Finding similar products by attributes

Question

I've heard about K nearest neighbor to find a category that an item belongs to but I was wondering if there was an algorithm that will return a list of items based on attributes.

For example given a movie

[director: "Hill Thompson", starring-actor: "Will Smith", release-date: "Dec 1776"]

The results will return

[director: "Hill Thompson", starring-actor: "Will Smith", release-date: "Jan 1996"]

instead of

[director: "Hill Thompson", starring-actor: "Poop Jenkins", release-date: "Sept 1822"]

Because the former result matches more attributes "Hill Thompson" and "Will Smith" whereas the former only has one match - Hill Thompson.

Would Cosine Similarity be a good method to solve this problem?

Answer 1

Would Cosine Similarity be a good method to solve this problem?

Yes.

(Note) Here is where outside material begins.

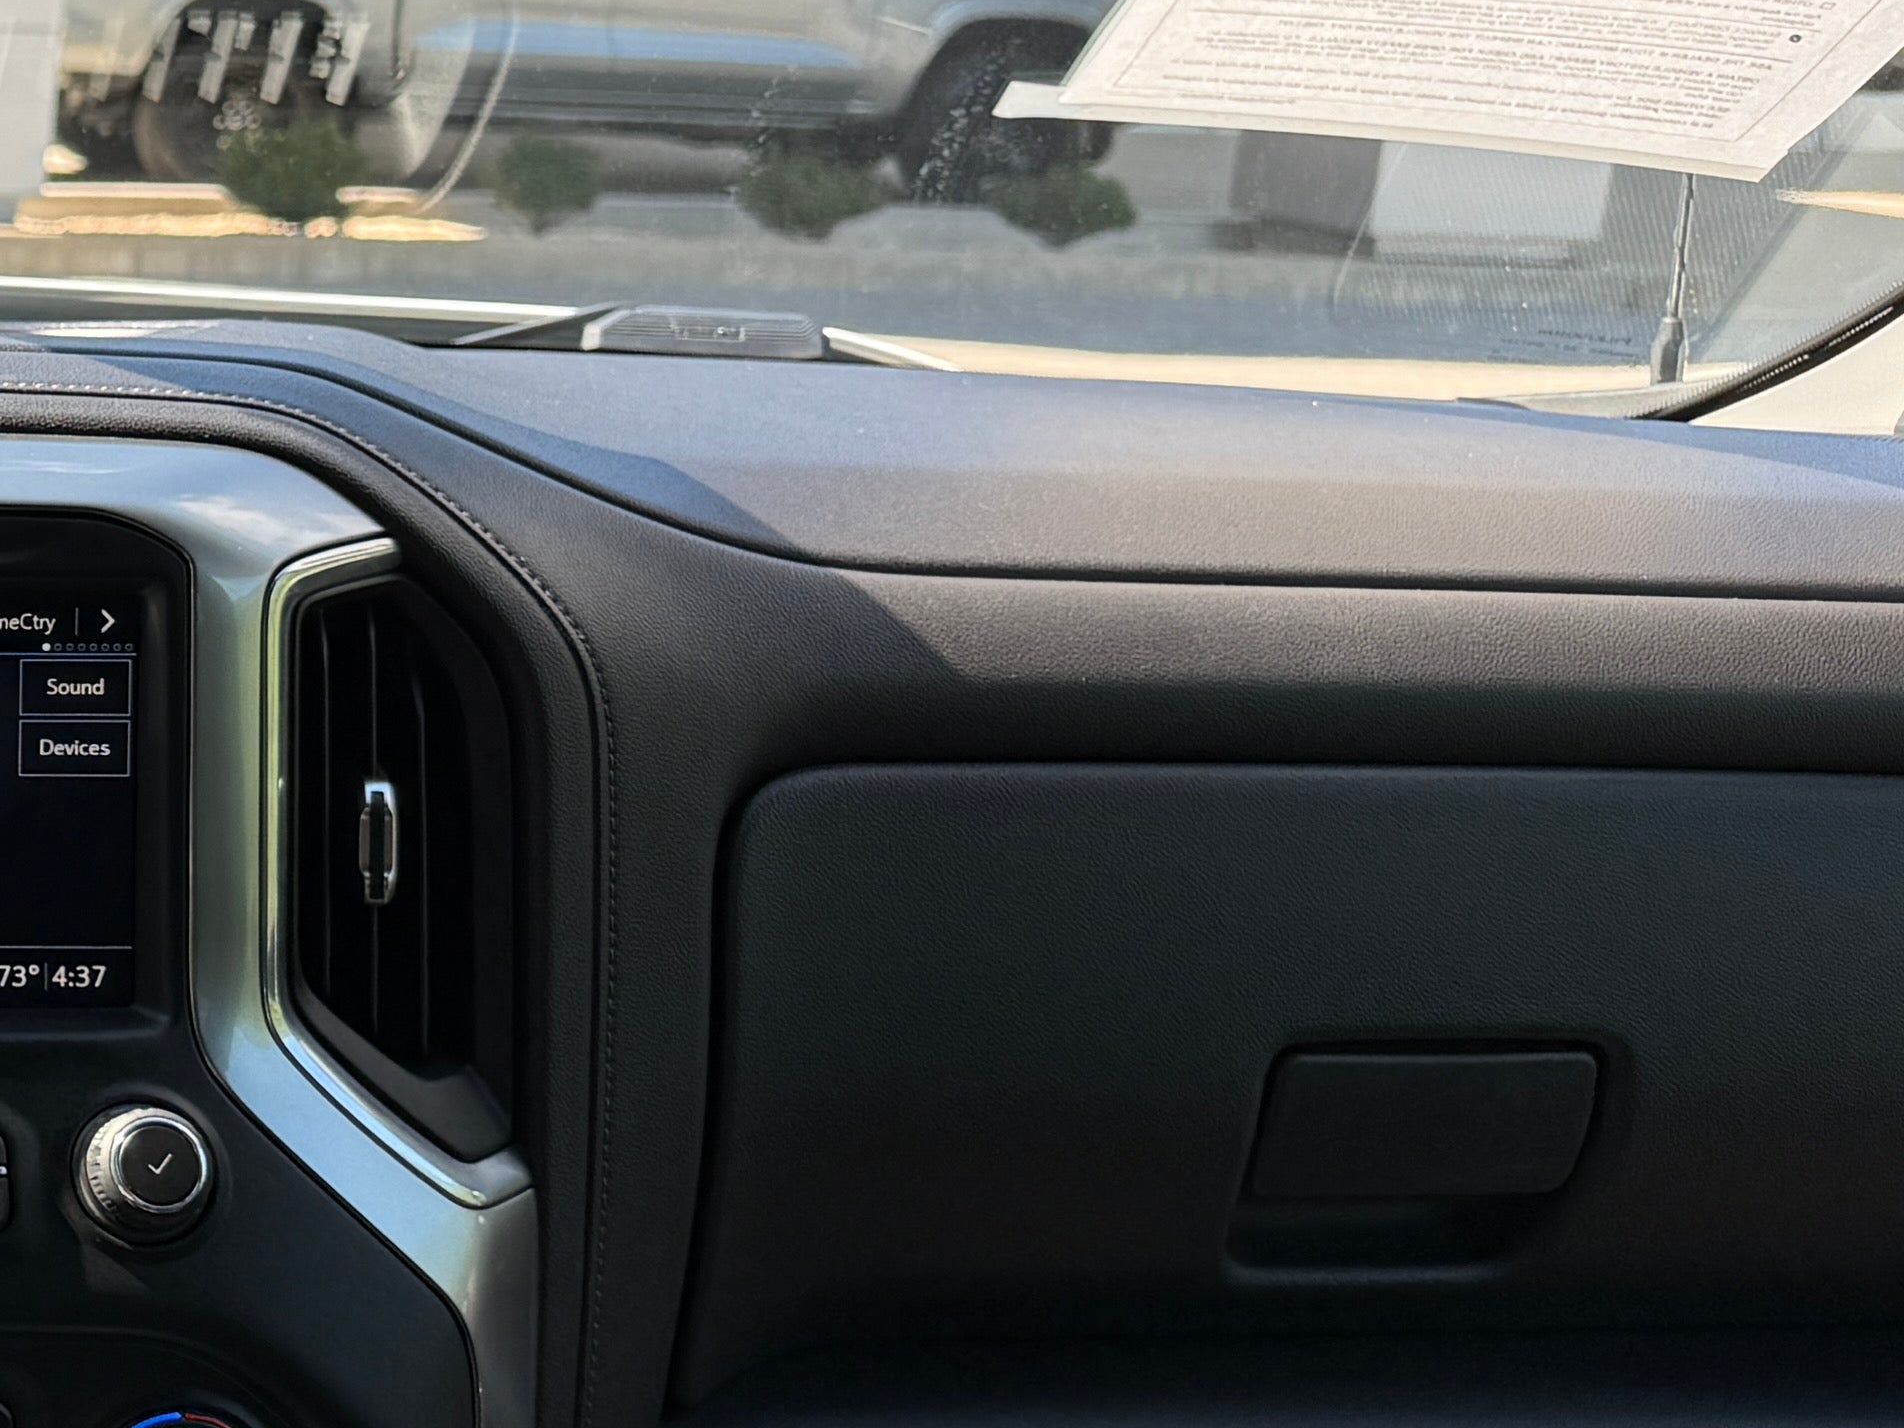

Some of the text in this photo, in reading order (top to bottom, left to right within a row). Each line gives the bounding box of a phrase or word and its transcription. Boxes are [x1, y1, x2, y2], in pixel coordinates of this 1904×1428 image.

[45, 677, 105, 697] Sound
[38, 739, 112, 758] Devices
[51, 964, 107, 988] 4:37

It will be good, but with TF-IDF

The most used similarity measures are Jaccard Similarity and Cosine similarity. In the scenario given, you can directly use Jaccard Similarity and obtain the results you want.

Say,

A = {director: "Hill Thompson", starring-actor: "Will Smith", release-date: "Dec 1776"}
B = {director: "Hill Thompson", starring-actor: "Will Smith", release-date: "Jan 1996"}
C = {director: "Hill Thompson", starring-actor: "Poop Jenkins", release-date: "Sept 1822"}
D = {director: "Foo Bar", starring-actor: "Poop Jenkins", release-date: "Some date"}

The Jaccard Similarity will be :

J(A,B) = 2 / 4 = 0.5
J(A,C) = 1 / 5 = 0.2
J(C,D) = 1 / 5 = 0.2

And as J(A,B) > J(A,C) the K nearest neighbour method will pick B first and then C. In such cases, the Jaccard similarity captures the intuition well.

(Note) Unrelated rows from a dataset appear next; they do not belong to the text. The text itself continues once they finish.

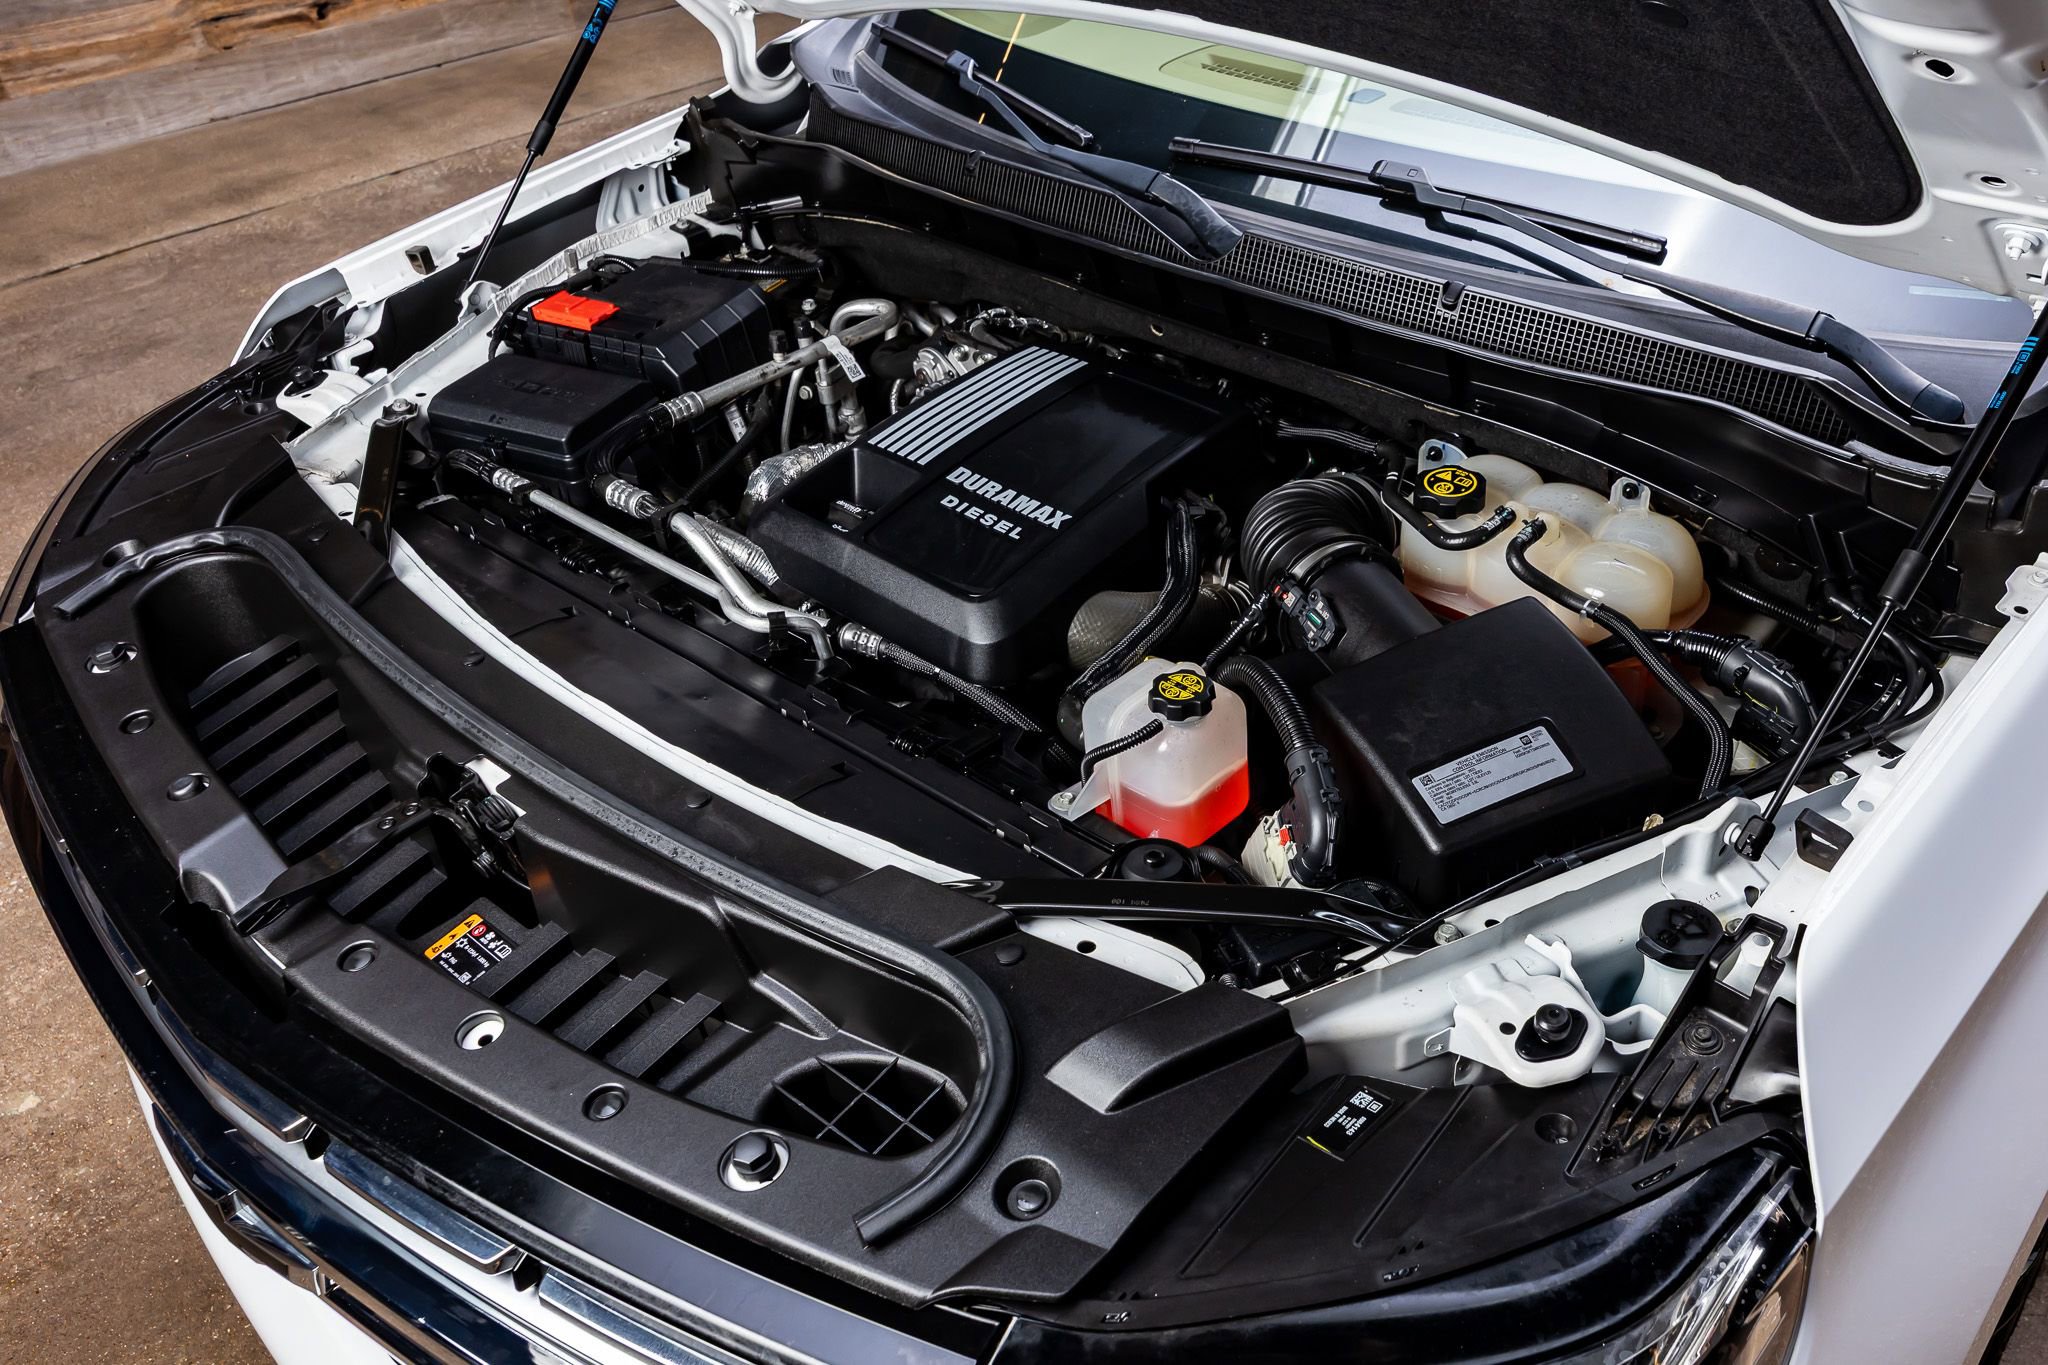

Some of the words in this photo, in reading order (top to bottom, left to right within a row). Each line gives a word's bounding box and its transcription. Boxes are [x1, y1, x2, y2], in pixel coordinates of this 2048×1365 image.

[946, 466, 1072, 530] DURAMAX
[940, 494, 1024, 540] DIESEL
[1452, 761, 1474, 772] CONTROL
[1474, 748, 1506, 762] INFORMATION
[1456, 756, 1475, 765] VEHICLE
[1475, 746, 1498, 757] EMISSION

To demonstrate how Cosine Similarity is better, add one more attribute :

A = {place filmed : "A", director: "Hill Thompson", starring-actor: "Will Smith", release-date: "Dec 1776"}
B = {place filmed : "A", director: "Hill Thompson", starring-actor: "Will Smith", release-date: "Jan 1996"}
C = {place filmed : "A", director: "Hill Thompson", starring-actor: "Poop Jenkins", release-date: "Sept 1822"}
D = {place filmed : "A", director: "Foo Bar", starring-actor: "Poop Jenkins", release-date: "Some date"}


J(A,B) = 3 / 5 = 0.6
J(A,C) = 2 / 6 = 0.33
J(C,D) = 2 / 6 = 0.33

Notice that the J(C,A) = J(C,D)

Which is wrong intuition.

Why? Because place A seems to be common place for recording movies. Just because two movies are recorded at the same place, we can not conclude that they are similar. So ideally it should be Sim(C,D) > Sim(C,A). Such are the cases where Jaccard Similarity fails to capture the intuition and where Cosine similarity with TF-IDF outperforms.

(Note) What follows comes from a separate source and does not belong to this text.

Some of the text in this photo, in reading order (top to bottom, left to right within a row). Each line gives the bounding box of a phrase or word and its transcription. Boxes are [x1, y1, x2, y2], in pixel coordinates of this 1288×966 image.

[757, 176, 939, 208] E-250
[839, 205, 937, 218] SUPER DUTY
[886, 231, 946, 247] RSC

The problem with Cosine Similarity in such cases is the implementation. Cosine similarity is defined on vectors. When the data is not numeric, it is hard to create a vector.

One way to create a vector is vector of boolean.

For example, The vector would be formed as :

vector = [A,HillThompson,FooBar,WillSmith,Poop Jenkins,Dec 1776,Jan 1996, Sept 1822, Some date]

The vectors would be :

A = {1,1,0,1,0,1,0,0,0}
C = {1,1,0,0,1,0,0,1,0}
D = {1,0,1,0,1,0,0,0,1}

J(C,A) = 5 / 12
J(C,D) = 5 / 12

Note that the Jaccard Similarity still captures wrong intuition. And so would Cosine Similarity if TF-IDF is not done.

Now calculate TF-IDF :

IDF(A)              = log( 1 + 4 / 4) = 0.30

IDF(HillThompson)   = log( 1 + 4 / 3) = 0.37
IDF(FooBar)         = log( 1 + 4 / 1) = 0.70

IDF(WillSmith)      = log( 1 + 4 / 2) = 0.48
IDF(Poop Jenkins)   = log( 1 + 4 / 2) = 0.48

IDF(Dec 1776)       = log( 1 + 4 / 1) = 0.70
IDF(Jan 1996)       = log( 1 + 4 / 1) = 0.70
IDF(Sept 1822)      = log( 1 + 4 / 1) = 0.70
IDF(Some date)      = log( 1 + 4 / 1) = 0.70

IF-IDF vectors would now be :

A = {0.30/4, 0.37/4, 0,      0.48/4, 0,       0.70/4, 0, 0,      0}
C = {0.30/4, 0.37/4, 0,      0,      0.48/4,  0,      0, 0.70/4, 0}
D = {0.30/4,      0, 0.70/4, 0,      0.48/4,  0,      0, 0,      0.70/4}

A = {0.075,  0.0925, 0,      0.12,   0,       0.175,  0, 0,     0 } 
C = {0.075,  0.0925, 0,      0,      0.12,    0,      0, 0.175, 0 }
D = {0.075,  0,      0.175,  0,      0.12,    0,      0, 0,     0.175 }

|A| = 0.2433
|C| = 0.2433
|D| = 0.2850

Calculate the cosine similarity :

Cosine(A,C) = 0.01418 / ( 0.2433 * 0.2433 ) = 0.2395
Cosine(C,D) = 0.0200  / ( 0.2492 * 0.2850 ) = 0.2816

Thus, the Cosine similarity with TF-IDF captures the intuition that D is more similar to C than A is to C. And thus it is better than Jaccard similarity

PLEASE NOTE that I have shown calculations becuase I have done them on PC and not on scientific calculator. There might be chances of errors. Just in case you find one, please rectify it.